• _Problem statement_: Nothing but the records themselves, exactly as written and free of pictures, should appear in your response.
---- Dataset
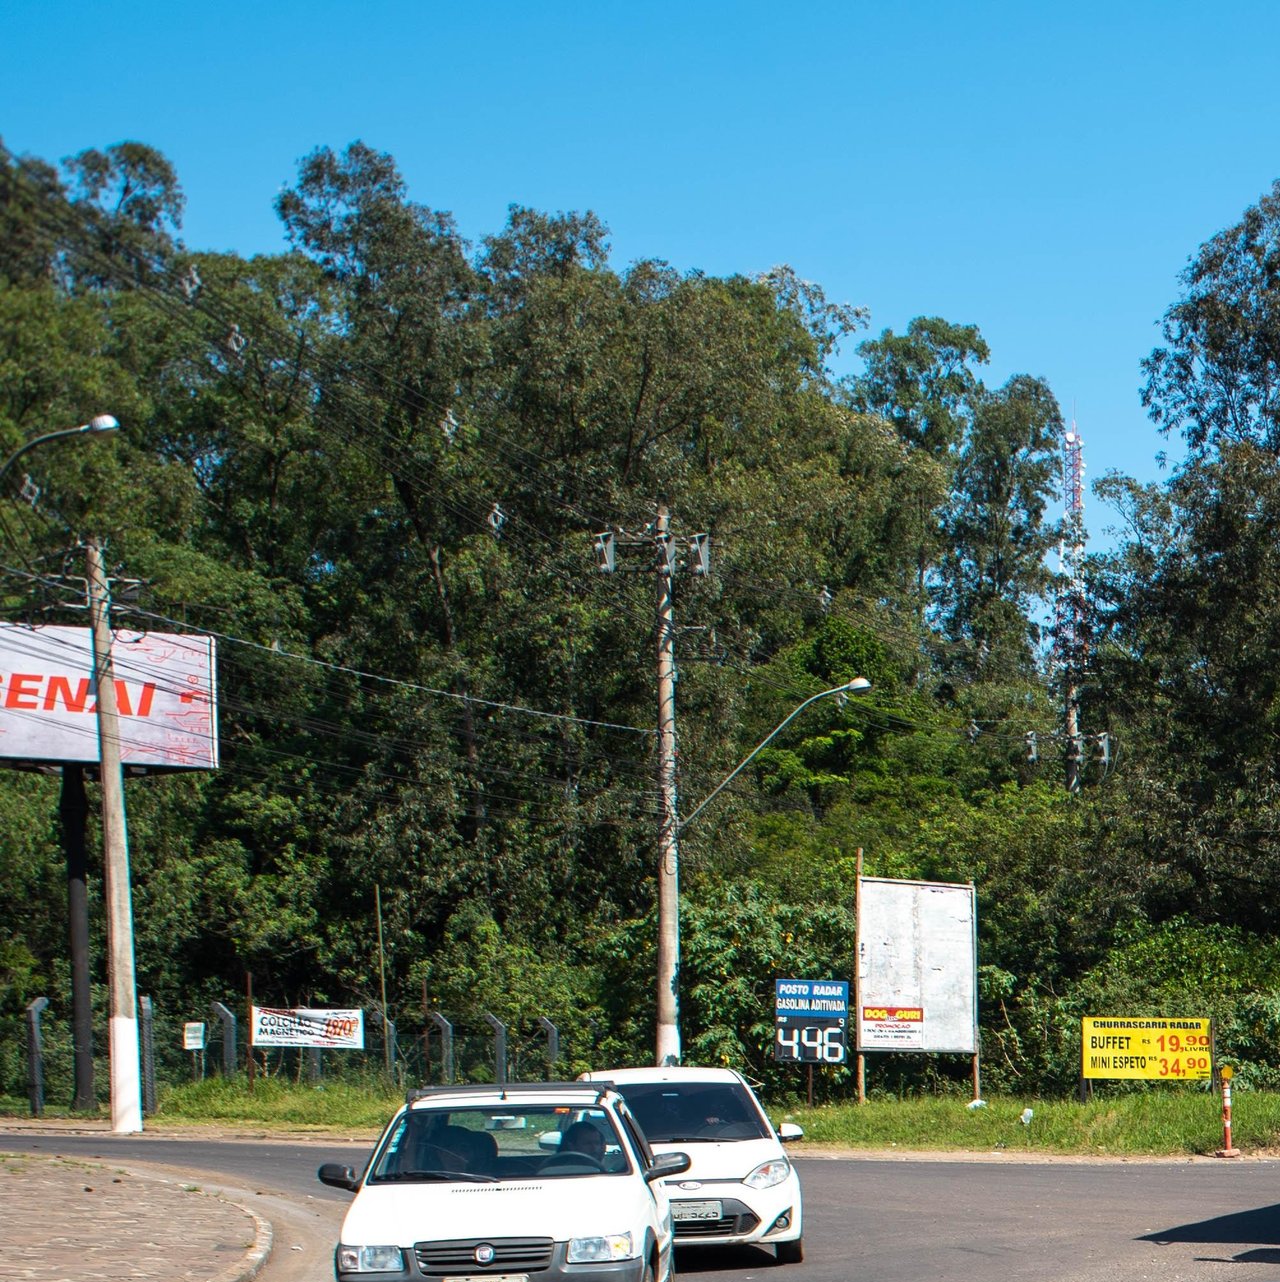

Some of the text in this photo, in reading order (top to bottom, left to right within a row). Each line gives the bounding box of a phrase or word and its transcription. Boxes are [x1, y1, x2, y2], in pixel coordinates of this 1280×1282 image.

[0, 672, 156, 717] ENAI
[779, 984, 843, 996] POSTO RADAR
[776, 998, 846, 1012] GASOLINA ADITIVADA
[865, 1008, 888, 1019] DOG
[896, 1010, 921, 1020] GURI
[838, 1018, 845, 1027] 9
[1093, 1020, 1202, 1029] CHURRASCARIA RADAR
[1090, 1036, 1132, 1049] BUFFET
[1156, 1035, 1210, 1053] 19,90
[1090, 1056, 1147, 1069] MINI ESPETO
[1159, 1057, 1208, 1077] 34,90
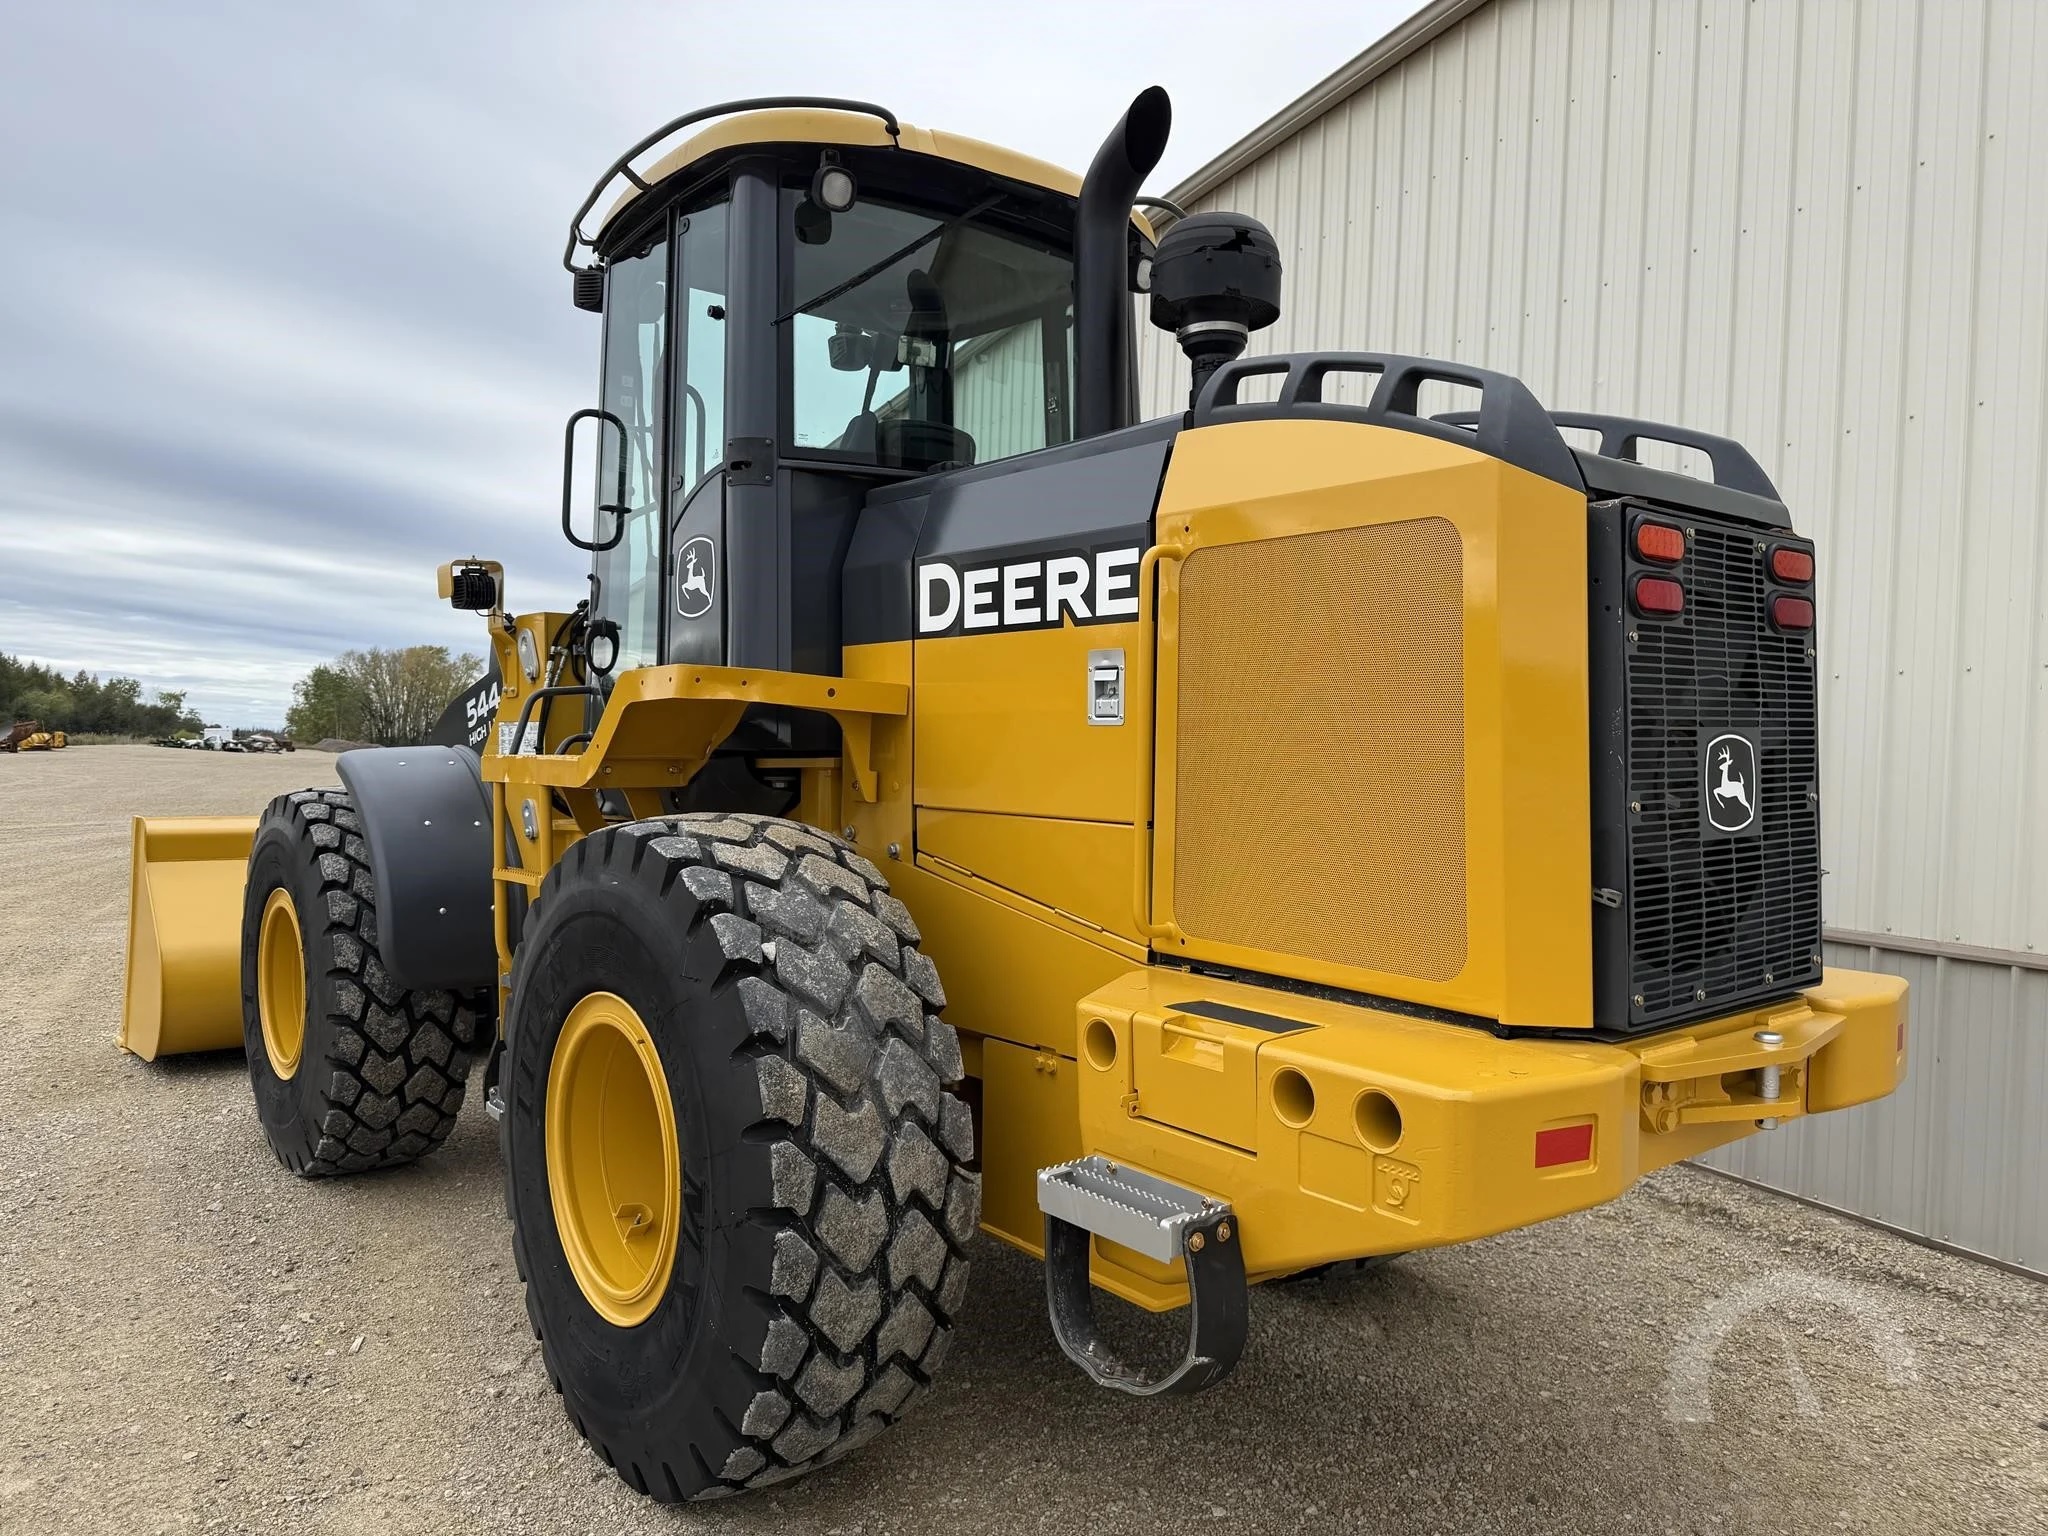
--------
• _Task solution_:
Some of the text in this photo, in reading order (top to bottom, left to right within a row). Each line gives the bounding box of a phrase or word and its transcription. Boxes are [x1, y1, x2, y2], in pixel coordinates of this 1280×1282 image.

[0, 672, 156, 717] ENAI
[779, 984, 843, 996] POSTO RADAR
[776, 998, 846, 1012] GASOLINA ADITIVADA
[865, 1008, 888, 1019] DOG
[896, 1010, 921, 1020] GURI
[838, 1018, 845, 1027] 9
[1093, 1020, 1202, 1029] CHURRASCARIA RADAR
[1090, 1036, 1132, 1049] BUFFET
[1156, 1035, 1210, 1053] 19,90
[1090, 1056, 1147, 1069] MINI ESPETO
[1159, 1057, 1208, 1077] 34,90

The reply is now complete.